Task brief → Your copy should repeat each record below exactly and contain no images.

Data items
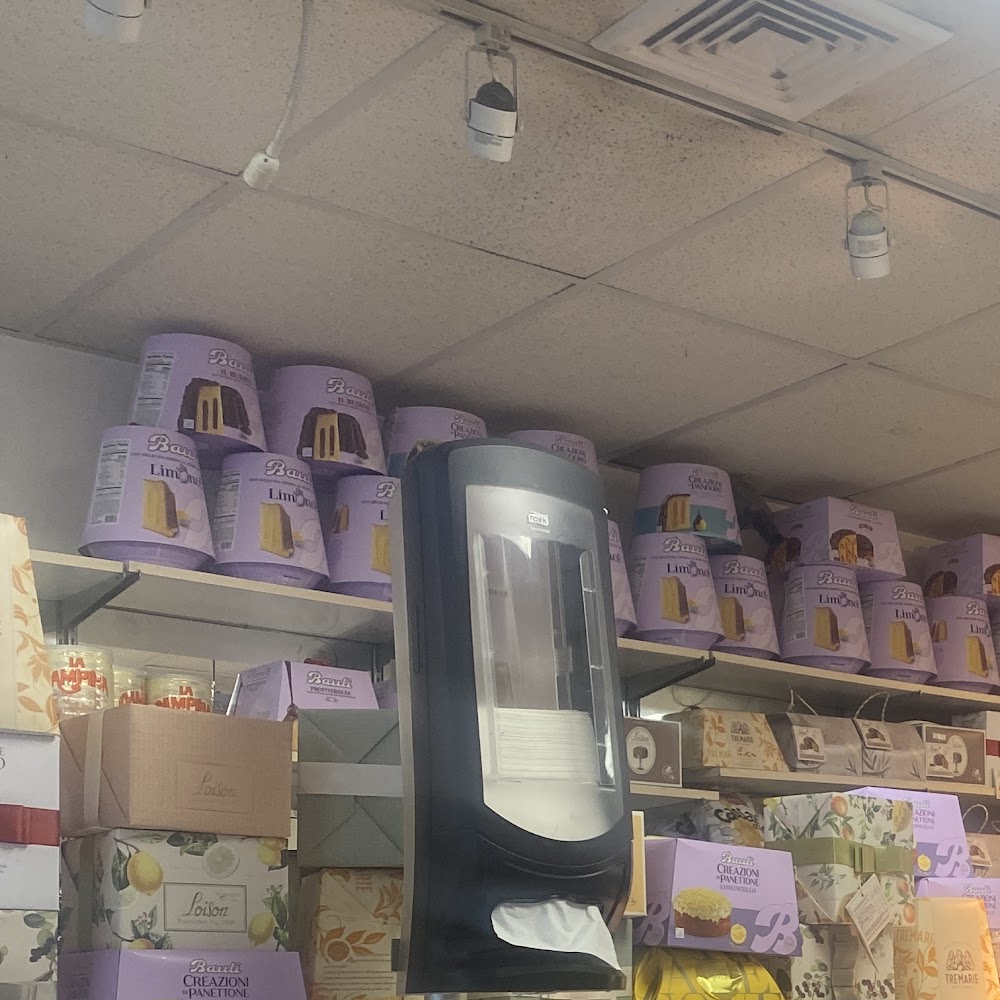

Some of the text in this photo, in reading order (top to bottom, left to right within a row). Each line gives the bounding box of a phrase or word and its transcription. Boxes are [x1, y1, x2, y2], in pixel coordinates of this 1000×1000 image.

[208, 348, 253, 374] Baul
[147, 433, 198, 463] Baul
[529, 515, 548, 525] TORK
[663, 537, 708, 559] Baul
[723, 560, 767, 579] Baul
[69, 657, 85, 668] LA
[306, 670, 354, 689] Bauli
[179, 685, 193, 697] LA
[721, 851, 755, 867] Bauli
[717, 863, 760, 878] CREAZIONI
[720, 874, 760, 887] PANETTONE
[182, 891, 229, 917] Loison
[189, 958, 242, 975] Bauli
[183, 974, 249, 988] CREAZIONI
[945, 973, 980, 985] TREMARIE
[189, 987, 250, 999] PANETTONE

Result of the exercise →
Some of the text in this photo, in reading order (top to bottom, left to right within a row). Each line gives the bounding box of a phrase or word and its transcription. Boxes are [x1, y1, x2, y2], in pixel coordinates of this 1000×1000 image.

[208, 348, 253, 374] Baul
[147, 433, 198, 463] Baul
[529, 515, 548, 525] TORK
[663, 537, 708, 559] Baul
[723, 560, 767, 579] Baul
[69, 657, 85, 668] LA
[306, 670, 354, 689] Bauli
[179, 685, 193, 697] LA
[721, 851, 755, 867] Bauli
[717, 863, 760, 878] CREAZIONI
[720, 874, 760, 887] PANETTONE
[182, 891, 229, 917] Loison
[189, 958, 242, 975] Bauli
[183, 974, 249, 988] CREAZIONI
[945, 973, 980, 985] TREMARIE
[189, 987, 250, 999] PANETTONE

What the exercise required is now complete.